I understand the point you were making, and agree with your premise. 

Anita 



-- Paul Heinegg <[log in to unmask]> wrote:
Hi Anita. You wrote, "Plecker identified Indians as, "issue", a 
derogatory 
term. He was not as benign a character as you make him out to be. He 
knew 
nothing about the racial makeup of Native Americans, except what he 
was 
told, and what was in the record. You almost make it seem like he was 
performing a public service. This is the same thing Hitler did with 
the Jews 
in Nazi Germany."
-----------

I am sorry if I gave the wrong impression in my posting. Plecker was 
a 
monster. But he had a boss who had a boss who had a boss who was the 
elected 
governor of Virginia and all were obviously pleased with what he was 
doing 
or they would have fired him. He did not pass the laws he enforced.

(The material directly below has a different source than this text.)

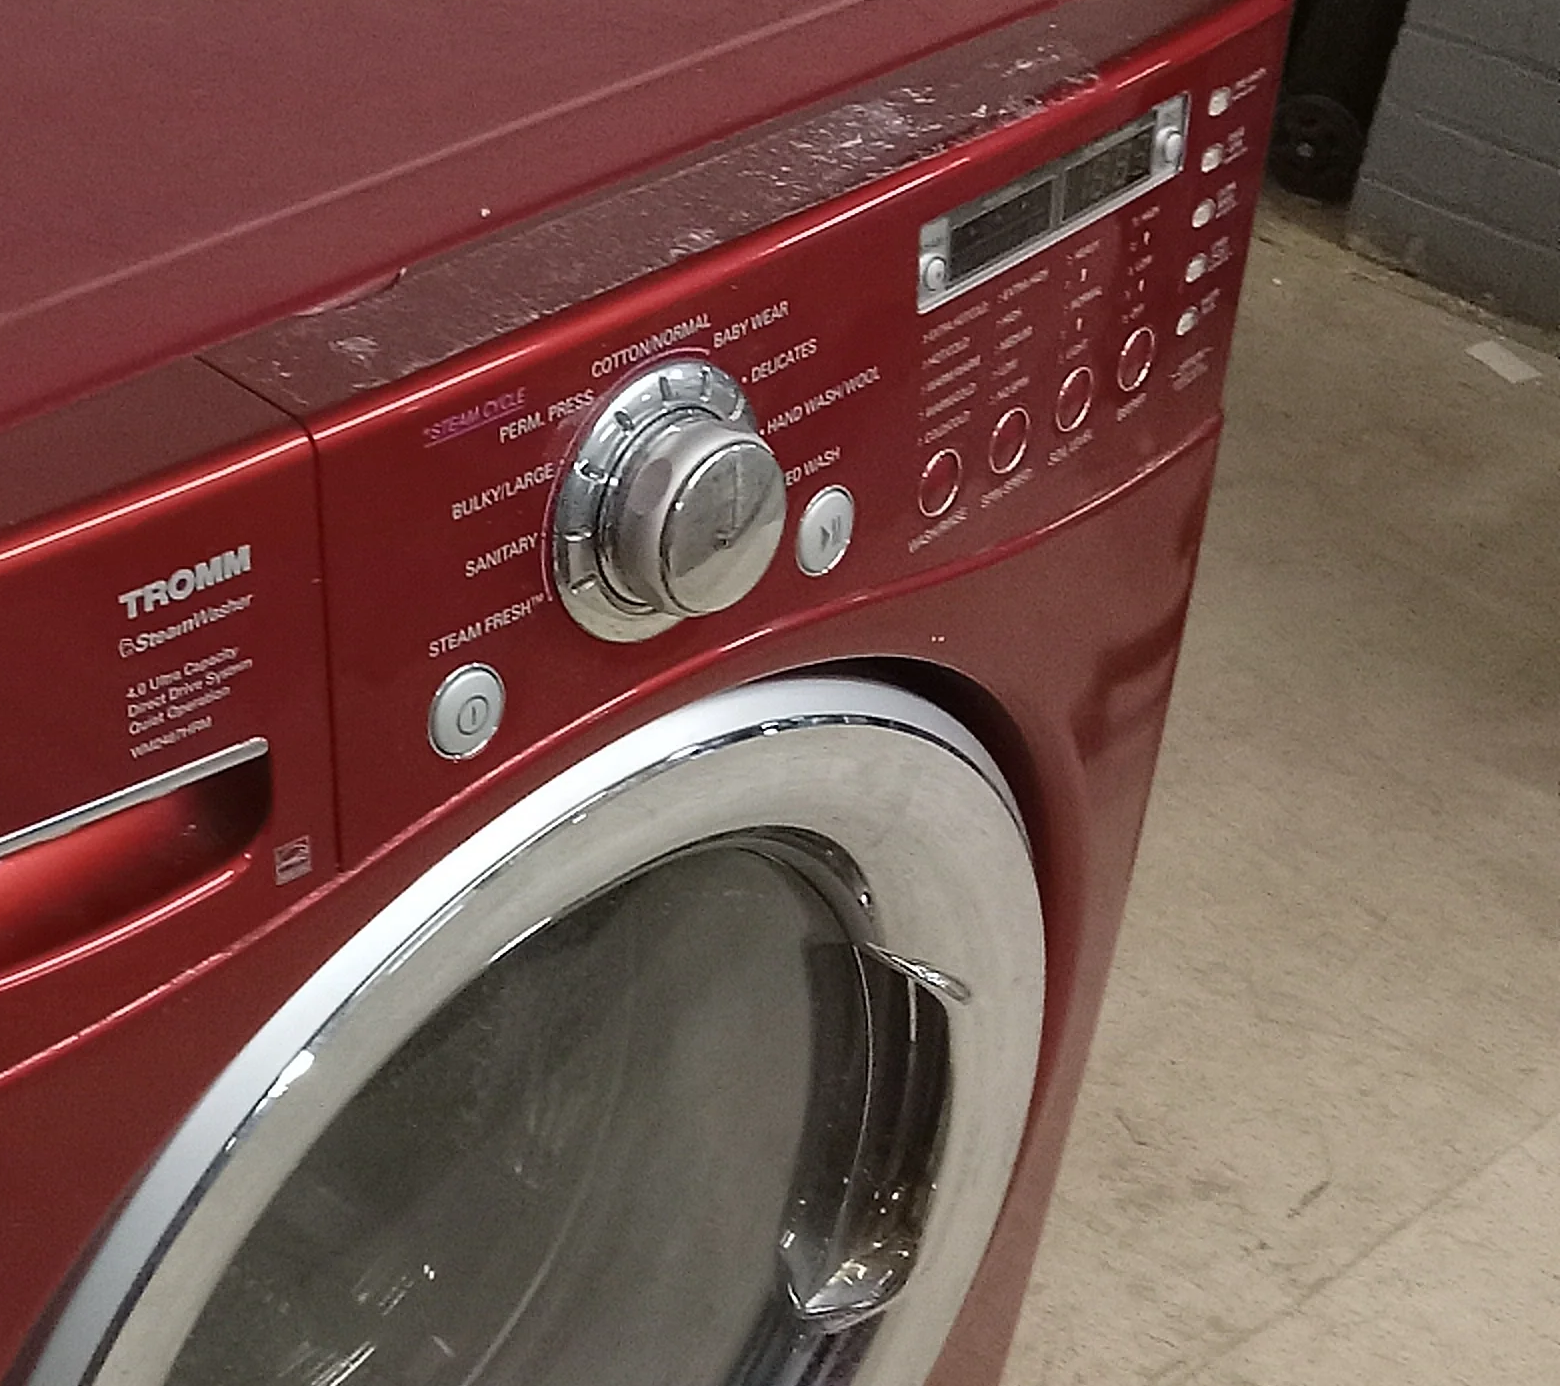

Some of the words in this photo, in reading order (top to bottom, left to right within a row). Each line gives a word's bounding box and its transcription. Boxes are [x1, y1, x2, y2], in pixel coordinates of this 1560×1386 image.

The Racial Integrity act and the Sterilization act were passed by the 
legislature and signed into law by the governor who presumably had 
the 
support of most Virginians. Eugenics was taught at a number of 
Virginia 
universities and UVA was one of the leaders on the subject in the 
country. 
The main target of the movement was not Indians but African 
Americans, Jews, 
mental patients and poor whites. Concentrating on Plecker's changing 
birth 
certificates obscures this.
See http://www.usatoday.com/news/nation/2002/05/02/virginia-
eugenics.htm
and http://www.eugenicsarchive.org/html/eugenics/essay8text.html

The fact that "Indians" thought the term "issues" was derogatory 
means that 
they resented being categorized with African Americans who had been 
free 
before the Civil War and that they preferred the three caste system 
of 
white/ Indian and African American because it insulated them from 
some of 
the effects of Jim Crow. They were not responsible for instituting 
Jim Crow 
or the caste system, but I get the impression that many of their 
modern-day 
descendants are horrified that their "Indian" ancestors were treated 
like 
African Americans. We need to be mindful of the fact that millions of 
African Americans were treated like African Americans.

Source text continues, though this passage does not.